How to complete this task>
All lines of the data shown below should be output exactly as they stand.

Data to examine>
★ ★ ★ ★
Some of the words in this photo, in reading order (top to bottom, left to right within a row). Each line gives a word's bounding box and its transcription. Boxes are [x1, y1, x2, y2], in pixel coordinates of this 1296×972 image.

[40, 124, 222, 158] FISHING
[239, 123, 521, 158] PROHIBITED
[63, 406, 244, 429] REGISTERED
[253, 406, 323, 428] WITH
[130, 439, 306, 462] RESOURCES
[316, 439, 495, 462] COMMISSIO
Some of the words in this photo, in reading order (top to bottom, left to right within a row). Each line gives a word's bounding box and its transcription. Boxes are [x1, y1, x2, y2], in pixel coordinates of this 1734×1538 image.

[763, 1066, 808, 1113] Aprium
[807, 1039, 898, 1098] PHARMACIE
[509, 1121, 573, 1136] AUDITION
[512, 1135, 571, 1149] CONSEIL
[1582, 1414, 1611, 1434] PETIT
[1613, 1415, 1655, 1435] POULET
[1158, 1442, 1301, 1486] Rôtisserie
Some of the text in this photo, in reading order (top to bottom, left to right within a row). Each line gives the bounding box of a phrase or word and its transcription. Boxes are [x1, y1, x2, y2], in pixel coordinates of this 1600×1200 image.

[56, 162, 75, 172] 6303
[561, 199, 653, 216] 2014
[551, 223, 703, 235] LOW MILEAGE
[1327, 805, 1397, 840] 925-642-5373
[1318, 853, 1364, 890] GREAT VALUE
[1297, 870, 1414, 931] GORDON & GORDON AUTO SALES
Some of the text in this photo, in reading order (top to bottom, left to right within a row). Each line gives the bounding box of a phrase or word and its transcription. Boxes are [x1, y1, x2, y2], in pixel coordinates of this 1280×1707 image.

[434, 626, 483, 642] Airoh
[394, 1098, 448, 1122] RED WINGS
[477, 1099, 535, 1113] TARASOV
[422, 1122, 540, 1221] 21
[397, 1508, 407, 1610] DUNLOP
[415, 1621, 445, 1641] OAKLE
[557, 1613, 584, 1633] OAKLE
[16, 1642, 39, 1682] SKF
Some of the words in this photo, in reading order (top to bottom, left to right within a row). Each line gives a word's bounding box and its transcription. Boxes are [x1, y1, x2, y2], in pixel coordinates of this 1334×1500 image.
★ ★ ★ ★
Result of this task>
Some of the words in this photo, in reading order (top to bottom, left to right within a row). Each line gives a word's bounding box and its transcription. Boxes are [x1, y1, x2, y2], in pixel coordinates of this 1296×972 image.

[40, 124, 222, 158] FISHING
[239, 123, 521, 158] PROHIBITED
[63, 406, 244, 429] REGISTERED
[253, 406, 323, 428] WITH
[130, 439, 306, 462] RESOURCES
[316, 439, 495, 462] COMMISSIO
Some of the words in this photo, in reading order (top to bottom, left to right within a row). Each line gives a word's bounding box and its transcription. Boxes are [x1, y1, x2, y2], in pixel coordinates of this 1734×1538 image.

[763, 1066, 808, 1113] Aprium
[807, 1039, 898, 1098] PHARMACIE
[509, 1121, 573, 1136] AUDITION
[512, 1135, 571, 1149] CONSEIL
[1582, 1414, 1611, 1434] PETIT
[1613, 1415, 1655, 1435] POULET
[1158, 1442, 1301, 1486] Rôtisserie
Some of the text in this photo, in reading order (top to bottom, left to right within a row). Each line gives the bounding box of a phrase or word and its transcription. Boxes are [x1, y1, x2, y2], in pixel coordinates of this 1600×1200 image.

[56, 162, 75, 172] 6303
[561, 199, 653, 216] 2014
[551, 223, 703, 235] LOW MILEAGE
[1327, 805, 1397, 840] 925-642-5373
[1318, 853, 1364, 890] GREAT VALUE
[1297, 870, 1414, 931] GORDON & GORDON AUTO SALES
Some of the text in this photo, in reading order (top to bottom, left to right within a row). Each line gives the bounding box of a phrase or word and its transcription. Boxes are [x1, y1, x2, y2], in pixel coordinates of this 1280×1707 image.

[434, 626, 483, 642] Airoh
[394, 1098, 448, 1122] RED WINGS
[477, 1099, 535, 1113] TARASOV
[422, 1122, 540, 1221] 21
[397, 1508, 407, 1610] DUNLOP
[415, 1621, 445, 1641] OAKLE
[557, 1613, 584, 1633] OAKLE
[16, 1642, 39, 1682] SKF
Some of the words in this photo, in reading order (top to bottom, left to right within a row). Each line gives a word's bounding box and its transcription. Boxes are [x1, y1, x2, y2], in pixel coordinates of this 1334×1500 image.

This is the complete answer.